Approach R50, monitor e simulatore di lancio di golf premium

La parte davvero divertente arriva quando scopri che l'Approach R50 ha già in memoria oltre 43.000 campi da golf di tutto il mondo. Basta collegarlo a un monitor o meglio a un proiettore, piazzare una rete davanti a sé per evitare che le palline prendano direzioni indesiderate (particolare tutt'altro che secondario) e ci si ritrova a giocare virtualmente su alcuni dei percorsi più iconici del pianeta, con tanto di classifiche online e sfide contro altri giocatori. Un po' come si fa con il ciclismo indoor e la piattaforma Zwift.

La nostra prova

Naturalmente abbiamo voluto provare a fare qualche tiro. Il risultato è stato, per usare un eufemismo, rivedibile. Le mie palline hanno seguito traiettorie che nemmeno la fisica newtoniana sembrava aver previsto. Alcuni colpi parevano studiati apposta per evitare il fairway con precisione millimetrica: se esistesse una classifica del tiro più improbabile mai registrato, avrei buone possibilità di entrarci. Eppure mi sono divertito. A un certo punto mi sono persino esaltato per un colpo finalmente dritto finito nel green (ma non ho imbucato la palla, per raggiunti limiti di tiri). È in quel momento che cambia la prospettiva: capisci il potere della gamification applicata ad un gioco che non ha nulla di digitale.

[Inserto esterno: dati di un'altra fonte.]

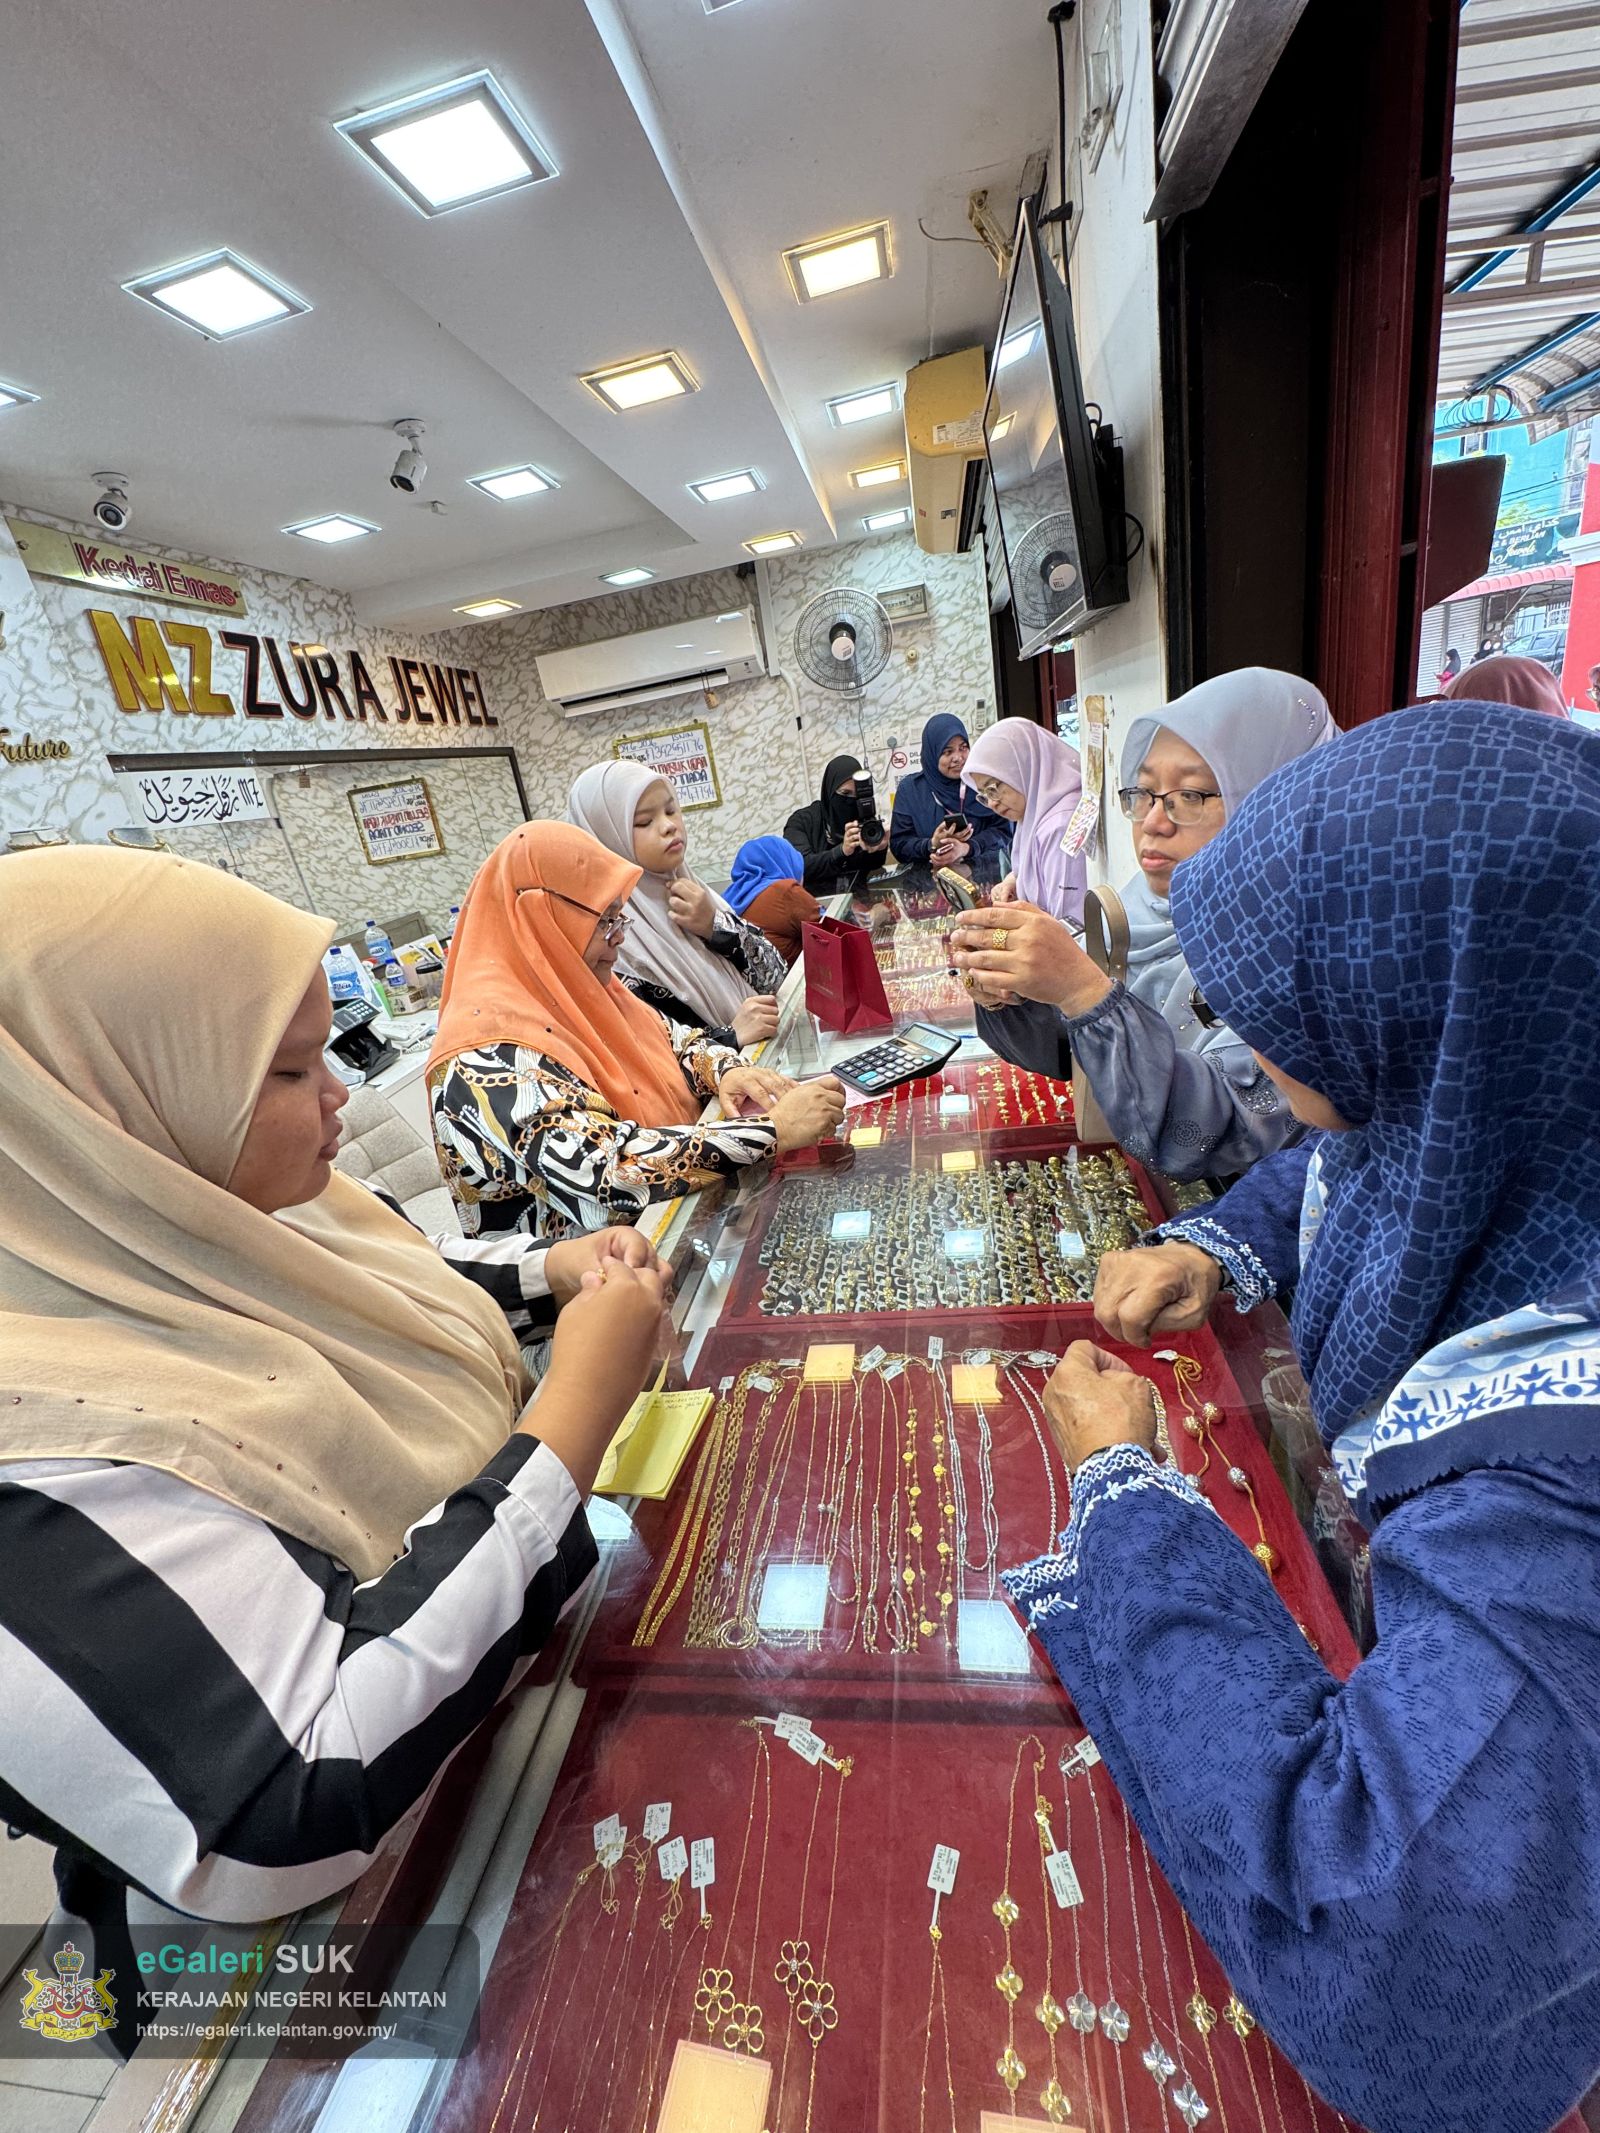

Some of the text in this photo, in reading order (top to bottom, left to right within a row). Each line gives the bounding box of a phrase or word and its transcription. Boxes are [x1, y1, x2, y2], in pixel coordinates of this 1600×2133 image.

[74, 542, 238, 607] Kedai Emas
[219, 630, 389, 722] ZURA
[387, 656, 499, 727] JEWEL
[680, 769, 708, 786] TIADA

Smetti di pensare al golf come a uno sport distante e inizi a viverlo come un videogioco: ogni colpo genera dati, replay, statistiche e alimenta la voglia di riprovarci per guadagnare qualche metro, un paio di chilometri orari o, più semplicemente, per cancellare il disastro del tentativo precedente.

Ed è forse questo il vero punto di forza dell'Approach R50. Più che conquistare chi il golf lo pratica già, potrebbe incuriosire chi non ha mai pensato che facesse per lui. Bastano qualche mazza, un tappetino, una rete, il prato di un campo pratica, persino un garage abbastanza spazioso e, volendo, un gruppo di amici pronti a sfidarsi sui campi da golf più belli del mondo, da Pebble Beach a St Andrews. Niente tee time da prenotare, niente chilometri da percorrere trascinandosi la sacca e nessun maestro pronto a correggerti l'impugnatura a ogni swing. Ma anche come strumento per imparare, tanto che molti golf club lo usano nei campi pratica. C'è, naturalmente, un dettaglio non trascurabile: il prezzo. Garmin lo propone a più di 5K (su Amazon è a 5650 euro, per la precisione), una cifra che difficilmente rientra nella categoria degli acquisti d'impulso. Il golf, anche da remoto, si conferma uno sport per pochi.